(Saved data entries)
*** Begin section ***

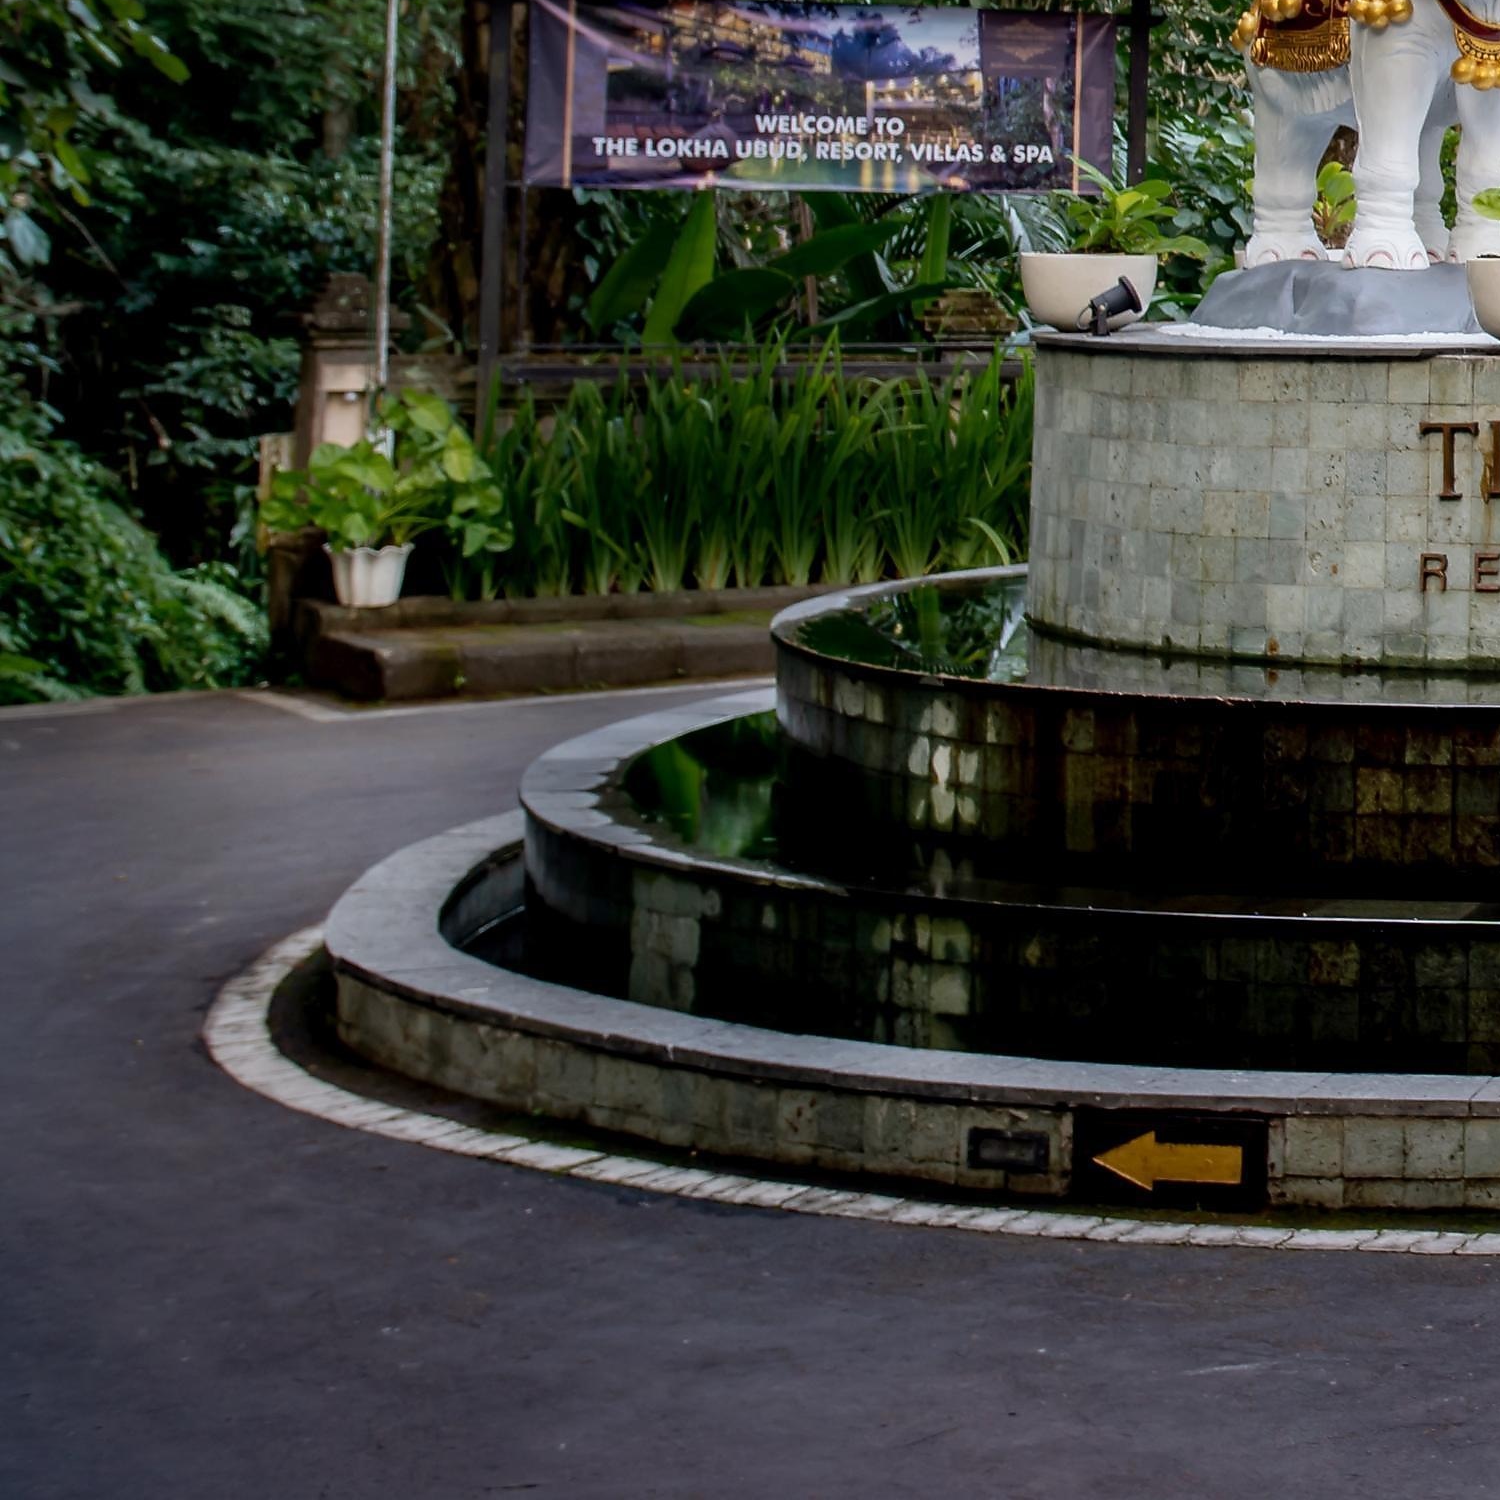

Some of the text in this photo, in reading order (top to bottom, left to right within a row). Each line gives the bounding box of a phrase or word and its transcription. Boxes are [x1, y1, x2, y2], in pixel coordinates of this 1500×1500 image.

[755, 114, 905, 136] WELCOME TO
[592, 137, 1053, 164] THE LOKHA UBUD, RESORT, VILLAS & SPA
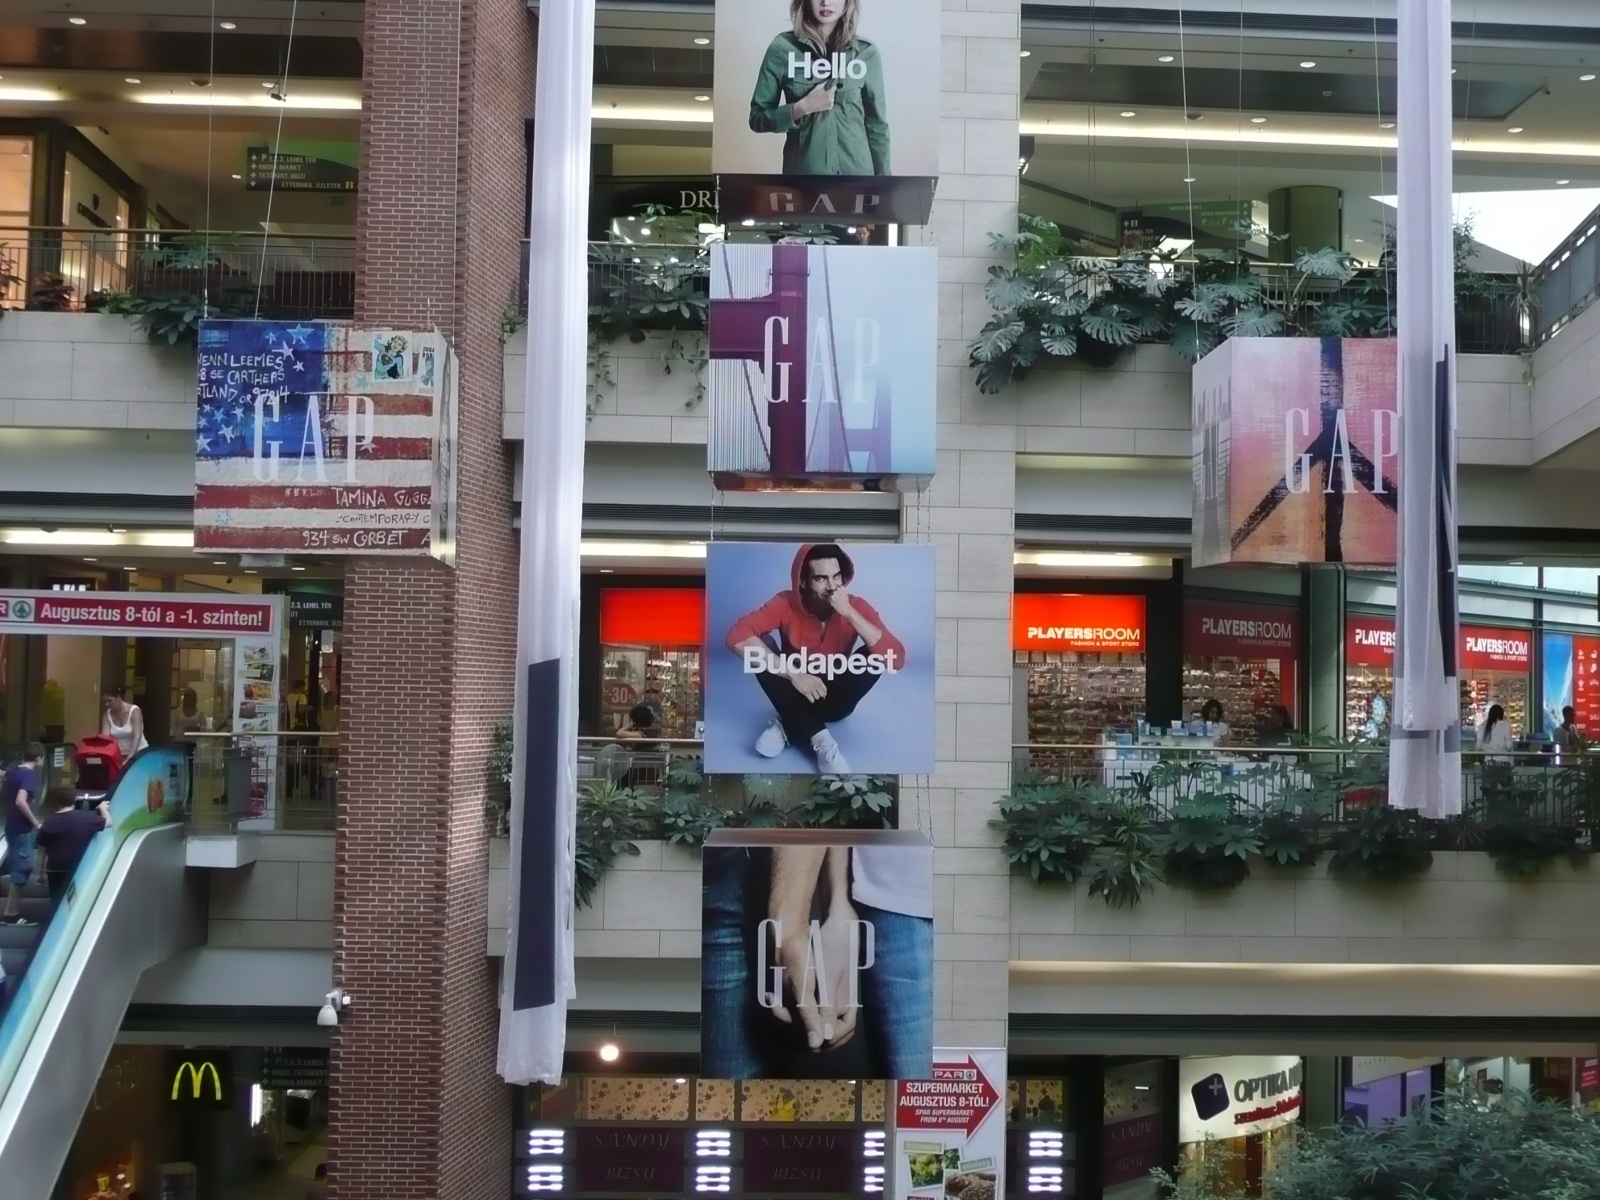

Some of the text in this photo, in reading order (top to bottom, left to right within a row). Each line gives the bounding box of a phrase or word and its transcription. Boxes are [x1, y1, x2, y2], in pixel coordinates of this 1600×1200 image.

[788, 51, 867, 79] Hello
[769, 192, 880, 214] GAP
[230, 353, 284, 370] LEEMES
[764, 315, 880, 403] GAP
[210, 369, 224, 379] SE
[227, 368, 285, 386] CARTHERS
[239, 394, 252, 405] OR
[253, 392, 374, 484] GAP
[1285, 407, 1399, 495] GAP
[302, 530, 329, 547] 934
[40, 602, 121, 623] Augusztus
[125, 605, 161, 622] 8-tól
[165, 610, 175, 623] a
[180, 608, 198, 624] -1.
[202, 609, 262, 626] szinten!
[1027, 626, 1140, 640] PLAYERSROOM
[1202, 617, 1292, 639] PLAYERSROOM
[1466, 636, 1528, 656] PLAYERSROOM
[743, 646, 897, 681] Budapest
[757, 918, 875, 1009] GAP
[905, 1082, 984, 1094] SZUPERMARKET
[1233, 1070, 1289, 1103] OPTIKA
[899, 1093, 990, 1108] AUGUSZTUS 8-TÓL!
[914, 1108, 931, 1116] SPAR
[920, 1116, 937, 1124] FROM
[947, 1116, 970, 1124] AUGUST
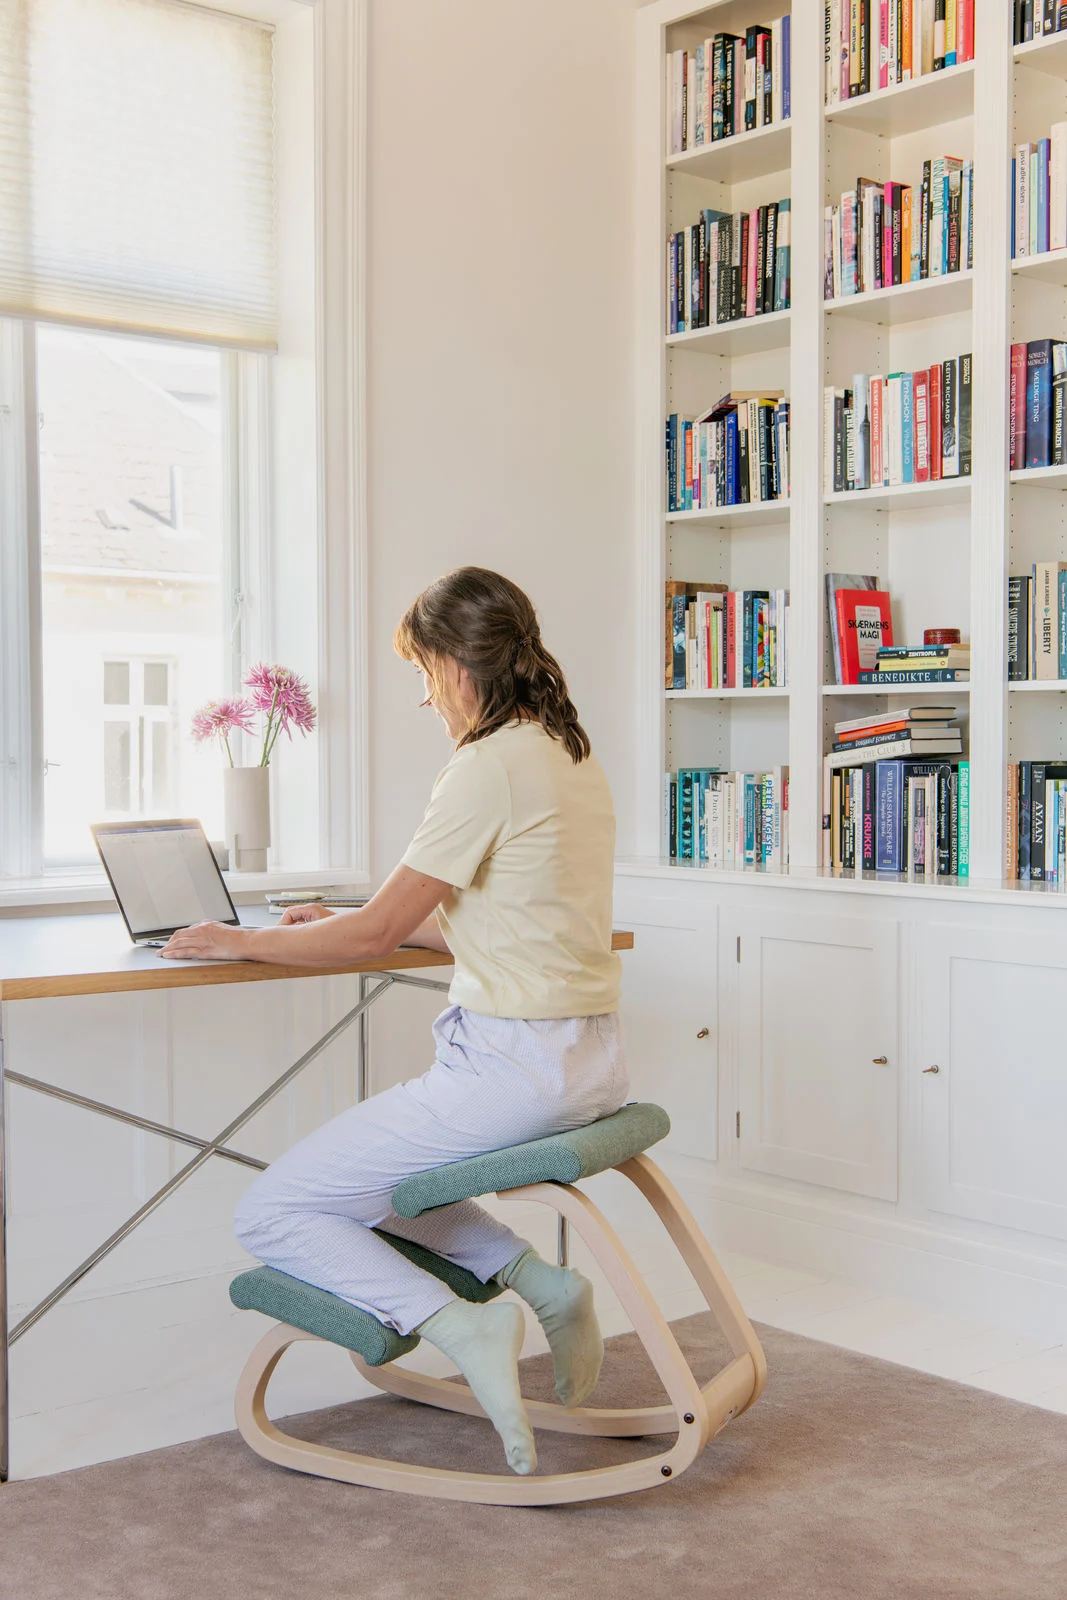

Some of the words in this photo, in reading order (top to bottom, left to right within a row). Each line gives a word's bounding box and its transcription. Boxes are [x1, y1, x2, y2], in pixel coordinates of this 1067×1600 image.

[1019, 150, 1027, 165] jussi
[932, 159, 945, 216] INNOVATION
[767, 215, 775, 231] BAD
[765, 231, 774, 278] SAMARITANS
[1027, 357, 1049, 366] MØRCH
[1028, 351, 1047, 359] SØREN
[903, 381, 911, 423] PYNCHON
[1055, 387, 1064, 419] JONATHAN
[1055, 419, 1063, 448] FRANZEN
[847, 619, 890, 630] SKÆRMENS
[859, 630, 880, 639] MAGI
[1008, 607, 1018, 635] SAMLEDE
[1008, 635, 1018, 662] STRUNGE
[1043, 617, 1051, 654] LIBERTY
[871, 672, 931, 683] BENEDIKTE
[960, 767, 969, 787] EATING
[765, 779, 773, 809] PETER
[765, 814, 773, 856] TYGESEN
[864, 813, 872, 859] KRUKKE
[1035, 801, 1044, 844] AYAAN

*** End section ***

* _What is expected_
Set down the data above exactly as written. Omit the pictures.

* _Reply_
Some of the text in this photo, in reading order (top to bottom, left to right within a row). Each line gives the bounding box of a phrase or word and its transcription. Boxes are [x1, y1, x2, y2], in pixel coordinates of this 1500×1500 image.

[755, 114, 905, 136] WELCOME TO
[592, 137, 1053, 164] THE LOKHA UBUD, RESORT, VILLAS & SPA

Some of the text in this photo, in reading order (top to bottom, left to right within a row). Each line gives the bounding box of a phrase or word and its transcription. Boxes are [x1, y1, x2, y2], in pixel coordinates of this 1600×1200 image.

[788, 51, 867, 79] Hello
[769, 192, 880, 214] GAP
[230, 353, 284, 370] LEEMES
[764, 315, 880, 403] GAP
[210, 369, 224, 379] SE
[227, 368, 285, 386] CARTHERS
[239, 394, 252, 405] OR
[253, 392, 374, 484] GAP
[1285, 407, 1399, 495] GAP
[302, 530, 329, 547] 934
[40, 602, 121, 623] Augusztus
[125, 605, 161, 622] 8-tól
[165, 610, 175, 623] a
[180, 608, 198, 624] -1.
[202, 609, 262, 626] szinten!
[1027, 626, 1140, 640] PLAYERSROOM
[1202, 617, 1292, 639] PLAYERSROOM
[1466, 636, 1528, 656] PLAYERSROOM
[743, 646, 897, 681] Budapest
[757, 918, 875, 1009] GAP
[905, 1082, 984, 1094] SZUPERMARKET
[1233, 1070, 1289, 1103] OPTIKA
[899, 1093, 990, 1108] AUGUSZTUS 8-TÓL!
[914, 1108, 931, 1116] SPAR
[920, 1116, 937, 1124] FROM
[947, 1116, 970, 1124] AUGUST

Some of the words in this photo, in reading order (top to bottom, left to right within a row). Each line gives a word's bounding box and its transcription. Boxes are [x1, y1, x2, y2], in pixel coordinates of this 1067×1600 image.

[1019, 150, 1027, 165] jussi
[932, 159, 945, 216] INNOVATION
[767, 215, 775, 231] BAD
[765, 231, 774, 278] SAMARITANS
[1027, 357, 1049, 366] MØRCH
[1028, 351, 1047, 359] SØREN
[903, 381, 911, 423] PYNCHON
[1055, 387, 1064, 419] JONATHAN
[1055, 419, 1063, 448] FRANZEN
[847, 619, 890, 630] SKÆRMENS
[859, 630, 880, 639] MAGI
[1008, 607, 1018, 635] SAMLEDE
[1008, 635, 1018, 662] STRUNGE
[1043, 617, 1051, 654] LIBERTY
[871, 672, 931, 683] BENEDIKTE
[960, 767, 969, 787] EATING
[765, 779, 773, 809] PETER
[765, 814, 773, 856] TYGESEN
[864, 813, 872, 859] KRUKKE
[1035, 801, 1044, 844] AYAAN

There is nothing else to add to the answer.